The MEK openly advocates for military action against Iran, which it hopes will result in regime change. The group enjoys close ties to the Trump administration; it has, as recently as 2017, paid National Security Adviser John Bolton, as well as the president’s lawyer Rudy Giuliani, for speaking engagements.

On Sunday, the Intercept reported that the MEK is likely responsible for creating a fake online persona to spread war-mongering rhetoric. So-called writer and activist Heshmat Alavi, whose articles regularly appeared in American publications, pushed the agenda of regime change in Iran.

Alavi’s work has been used by the Trump administration to justify its crackdown on Iran, and he had previously advocated for designating the country’s Revolutionary Guard as a terrorist force, which the United States did in April of this year.

Alavi’s profiles have since been removed from some of the sites featuring his work, and his Twitter account has been suspended, though his articles are still available on the Saudi Arabian-run Al-Arabiya. This includes a piece in which he rather ironically wrote about Iran’s “embarrassment in cyberspace” after being linked to a disinformation campaign.

 

How these developments might damage further negotiations is unknown. “This is no big deal in the larger scheme of things.
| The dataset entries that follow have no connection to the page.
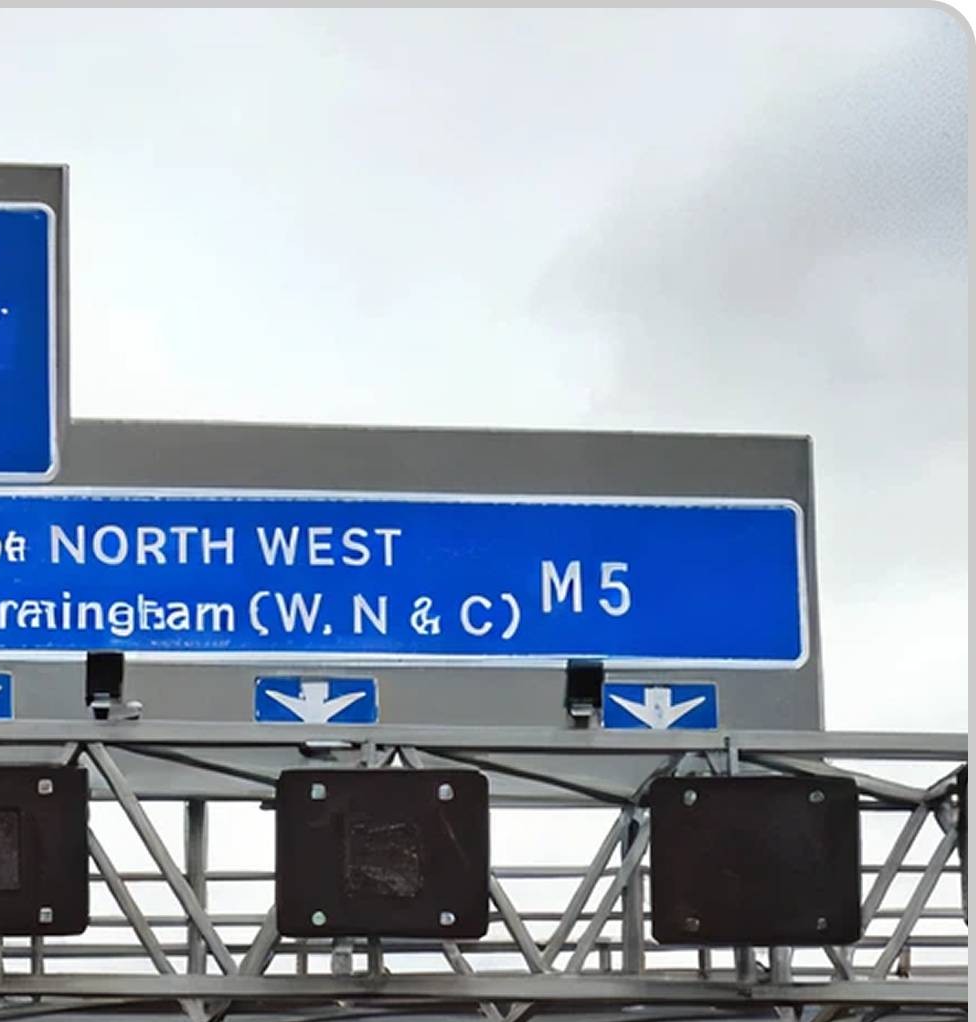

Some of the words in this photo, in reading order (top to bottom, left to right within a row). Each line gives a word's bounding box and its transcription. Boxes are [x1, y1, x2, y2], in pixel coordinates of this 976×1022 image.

[50, 524, 235, 565] NORTH
[256, 526, 402, 566] WEST
[353, 593, 387, 634] N
[410, 596, 441, 635] &
[460, 593, 522, 639] C)
Iranians do believe that the U.S. is involved in all sorts of trickery against them anyhow,” said Boroujerdi.

Slavin pointed out that “this is not a nice atmosphere…the State Department, in an effort to counter Iranian propaganda is becoming a propaganda machine.”

While none of this helps diplomatic efforts, what Iran is more concerned about is selling more oil, and “we’re still one accident away from a possible clash between the U.S., and Iran in the Persian Gulf,” she added.